Basic Auto-diff

One of Slang’s most powerful features is its auto-diff capabilities, documented in detail here. SlangPy carries this feature over to Python, allowing you to easily calculate the derivative of a function.

A differentiable function

Let’s start with a simple polynomial function:

[Differentiable]
float polynomial(float a, float b, float c, float x) {
    return a * x * x + b * x + c;
}

Note that it has the [Differentiable] attribute, which tells Slang to generate the backward propagation function.

The Tensor type

To store simple differentiable data, SlangPy utilizes the Tensor type. Here we’ll initialize one from the data in a numpy array and use it to evaluate a polynomial.

# Create a tensor with attached grads from a numpy array
# Note: We pass zero=True to initialize the grads to zero on allocation
x = spy.Tensor.numpy(device, np.array([1, 2, 3, 4], dtype=np.float32)).with_grads(zero=True)

# Evaluate the polynomial and ask for a tensor back
# Expecting result = 2x^2 + 8x - 1
result: spy.Tensor = module.polynomial(a=2, b=8, c=-1, x=x, _result='tensor')
print(result.to_numpy())

By specifying _result='tensor', we ask SlangPy to return the result as a Tensor. Equally, we could have pre-allocated a tensor to fill in:

result = spy.Tensor(device, element_type=module.float, shape=(4,))
module.polynomial(a=2, b=8, c=-1, x=x, _result=result)

Or we could have used the return_type modifier:

result: spy.Tensor = module.polynomial.return_type(Tensor)(a=2, b=8, c=-1, x=x)

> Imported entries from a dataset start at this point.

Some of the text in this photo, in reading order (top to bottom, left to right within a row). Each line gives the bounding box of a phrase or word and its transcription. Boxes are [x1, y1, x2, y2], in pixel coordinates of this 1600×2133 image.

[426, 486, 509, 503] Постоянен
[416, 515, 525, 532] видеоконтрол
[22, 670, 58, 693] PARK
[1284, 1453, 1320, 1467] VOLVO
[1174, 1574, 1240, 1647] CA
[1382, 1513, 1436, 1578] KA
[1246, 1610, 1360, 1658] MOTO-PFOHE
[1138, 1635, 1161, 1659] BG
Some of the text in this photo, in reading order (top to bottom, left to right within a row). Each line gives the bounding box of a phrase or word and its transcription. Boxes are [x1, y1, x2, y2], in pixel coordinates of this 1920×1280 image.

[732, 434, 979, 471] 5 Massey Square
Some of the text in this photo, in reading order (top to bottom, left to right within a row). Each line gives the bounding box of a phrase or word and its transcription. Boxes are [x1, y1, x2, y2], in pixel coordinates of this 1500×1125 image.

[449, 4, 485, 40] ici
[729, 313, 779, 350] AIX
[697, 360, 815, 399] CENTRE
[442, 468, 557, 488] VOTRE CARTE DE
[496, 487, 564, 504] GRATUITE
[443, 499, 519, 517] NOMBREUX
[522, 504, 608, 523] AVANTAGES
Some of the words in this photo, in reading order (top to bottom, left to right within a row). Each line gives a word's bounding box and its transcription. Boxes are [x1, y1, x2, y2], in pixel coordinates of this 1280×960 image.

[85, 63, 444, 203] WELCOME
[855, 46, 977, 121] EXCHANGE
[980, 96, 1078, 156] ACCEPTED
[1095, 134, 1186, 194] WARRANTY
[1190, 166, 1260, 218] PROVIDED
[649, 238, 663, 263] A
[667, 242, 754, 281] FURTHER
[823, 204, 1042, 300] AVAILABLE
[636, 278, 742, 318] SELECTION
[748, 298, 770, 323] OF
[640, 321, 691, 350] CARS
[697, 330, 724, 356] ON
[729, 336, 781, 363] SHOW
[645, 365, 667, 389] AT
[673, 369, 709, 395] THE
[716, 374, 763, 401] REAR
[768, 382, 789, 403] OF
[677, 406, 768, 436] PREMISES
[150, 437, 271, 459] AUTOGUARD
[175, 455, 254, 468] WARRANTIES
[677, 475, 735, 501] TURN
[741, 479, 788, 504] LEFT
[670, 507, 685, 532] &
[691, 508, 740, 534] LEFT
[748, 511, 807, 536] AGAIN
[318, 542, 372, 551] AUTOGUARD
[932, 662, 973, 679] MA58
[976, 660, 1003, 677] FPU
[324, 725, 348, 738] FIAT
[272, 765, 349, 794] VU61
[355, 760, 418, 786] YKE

In all cases, we end up with a result tensor that contains the evaluated polynomial.

Backward pass

Now we’ll attach gradients to the result and set them to 1, then run back propagation:

# Attach gradients to the result, and set them to 1 for the backward pass
result = result.with_grads()
result.grad.storage.copy_from_numpy(np.array([1, 1, 1, 1], dtype=np.float32))

# Call the backwards version of module.polynomial
# This will read the grads from _result, and write the grads to x
# Expecting result = 4x + 8
module.polynomial.bwds(a=2, b=8, c=-1, x=x, _result=result)
print(x.grad.to_numpy())

That’s the lot! The call to bwds generates a kernel that calls bwds_diff(polynomial) in Slang, and automatically deals with passing in/out the correct data.

It is worth noting that SlangPy currently always accumulates gradients, so you will need to ensure gradient buffers are zeroed. In the demo above, we used zero=True when creating the tensor to do so.

If you’re familiar with ML frameworks such as PyTorch, the big difference is that SlangPy is (by design) not a host side auto-grad system. It does not record an auto-grad graph, and instead requires you to explicitly call the backward function, providing the primals used in the forward call. However, SlangPy provides strong integration with PyTorch and all its auto-grad features.

Summary

Use of auto-diff in SlangPy requires: - Marking your function as differentiable - Using the Tensor type to store differentiable data - Calling the bwds function to calculate gradients

SlangPy’s tensor type currently only supports basic types for gradient accumulation due to the need for atomic accumulation. However, we intend to expand this to all struct types in the future.